Rafed English
site.site_name : Rafed English

You know that feeling you get when you first fall in love? Weak at the knees, stomach churning, can't think about anything else? It's great, isn't it? On the other hand, it puts you on an emotional roller coaster that makes almost everything else, from work to eating, really quite difficult.

Some people get addicted to it. They just don't feel alive unless they're "in love." Of course, relationships don't stay like that. Sooner or later you become confident and sure enough of your partner not to worry and fret, and you get used to having them around so you don't jump at the sound of the phone. So if you're addicted to falling "in love," you'll have to keep ditching your partners and finding new people to fall for.

You may be wondering why I keep putting quotation marks around "in love." Well, there are two reasons. The first is that you don't have to be in love to have this feeling, and you may be misled. It might actually be lust or infatuation and not love at all. The other reason is that I don't want to imply that if you don't have this feeling, you aren't in love with your partner.

There are very good reasons why this heightened emotional state doesn't last forever.
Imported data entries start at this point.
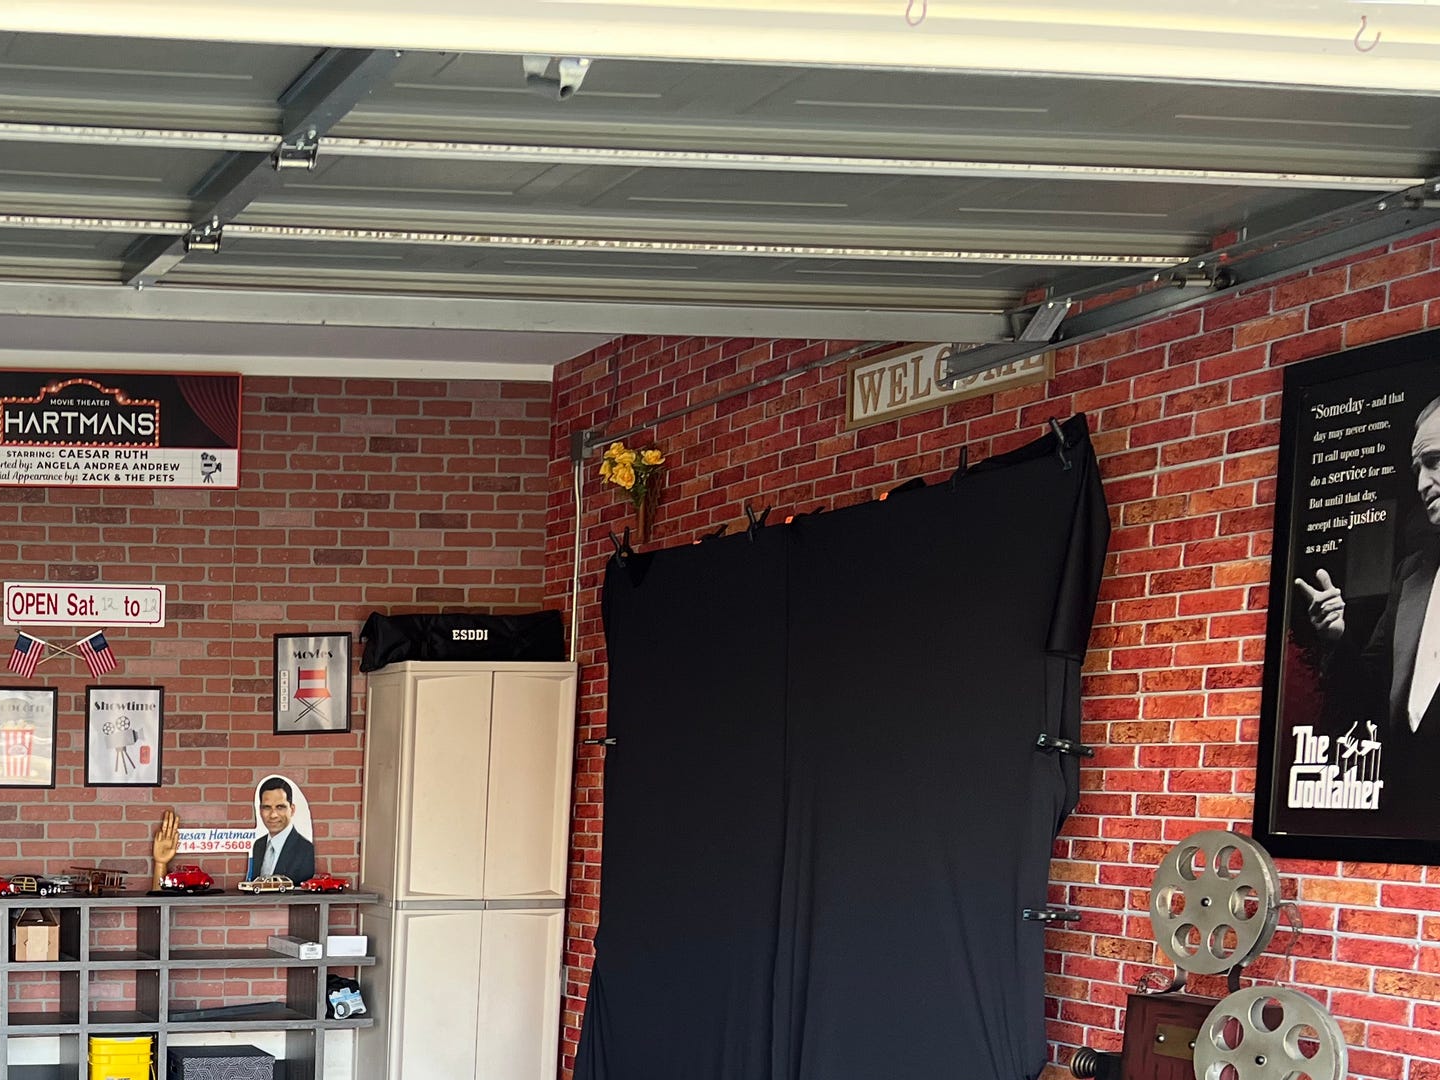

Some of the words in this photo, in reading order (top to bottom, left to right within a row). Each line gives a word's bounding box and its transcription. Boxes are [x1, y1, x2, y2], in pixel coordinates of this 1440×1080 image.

[50, 398, 74, 406] MOVIE
[1371, 394, 1387, 408] and
[1388, 391, 1405, 405] that
[5, 410, 155, 436] HARTMANS
[1313, 431, 1327, 443] day
[1328, 428, 1344, 440] may
[1345, 424, 1367, 436] never
[1368, 420, 1391, 431] come,
[6, 450, 55, 459] STARRING:
[59, 449, 110, 459] CAESAR
[115, 450, 148, 460] RUTH
[1324, 449, 1339, 462] call
[1340, 448, 1360, 462] upon
[1360, 445, 1375, 458] you
[1377, 442, 1386, 453] to
[18, 460, 33, 472] by:
[36, 461, 80, 470] ANGELA
[84, 462, 129, 471] ANDREA
[132, 463, 180, 471] ANDREW
[11, 472, 63, 484] Appearance
[64, 472, 78, 484] by:
[82, 473, 110, 481] ZACK
[114, 474, 121, 482] &
[125, 474, 145, 482] THE
[1310, 476, 1320, 487] do
[1321, 477, 1327, 485] a
[1328, 465, 1367, 484] service
[1368, 466, 1380, 477] for
[1309, 498, 1323, 510] But
[1324, 493, 1344, 507] until
[1345, 491, 1360, 504] that
[1361, 489, 1377, 503] day,
[1307, 519, 1331, 533] accept
[1333, 516, 1348, 528] this
[1347, 508, 1387, 530] justice
[1305, 544, 1315, 554] as
[1315, 544, 1321, 552] a
[12, 591, 58, 615] OPEN
[67, 592, 99, 616] Sat.
[124, 595, 141, 616] to
[452, 628, 489, 641] ESDDI
[93, 700, 157, 712] Showtime
[1292, 725, 1330, 764] The
[1287, 764, 1384, 810] Godfather
[178, 831, 206, 840] aesar
[208, 829, 257, 840] Hartman
You couldn't function, and the state has a lot to do with nerves and excitement, and after a while your relationship will inevitably stop making you nervous and cease to be as exciting as it was. You can still do exciting things together, but the relationship itself will become routine, hopefully in the very best of ways.
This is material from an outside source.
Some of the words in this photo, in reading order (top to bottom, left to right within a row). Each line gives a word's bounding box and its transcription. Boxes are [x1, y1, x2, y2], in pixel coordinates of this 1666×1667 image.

So what do you end up with if you stick out the relationship past the point where you can't sleep at night and can't think about anything else? Well, that varies. For some people what's left isn't really worth having. For those people who have a combination of luck, good judgment, and a grasp of the Rules, what you can end up with if all goes really well is contentment.

Contentment isn't about fireworks and weak knees and butterflies. This is why some people completely fail to realize that despite its more subtle charm, contentment is worth a whole lot more than short-term passion. Being content with someone doesn't mean you're no longer "in love." It means you are truly and deeply in love in the best sense without any quotation marks.

So don't get hooked on getting that fix of first "love." Concentrate on making sure that you follow the Rules so that as the first flush slowly dies down, it is replaced by something that is more rewarding, companionable, warm, fulfilling, and loving. When that happens don't think about what you have lost but about what you've gained. That's contentment -- and you should be more than happy with it.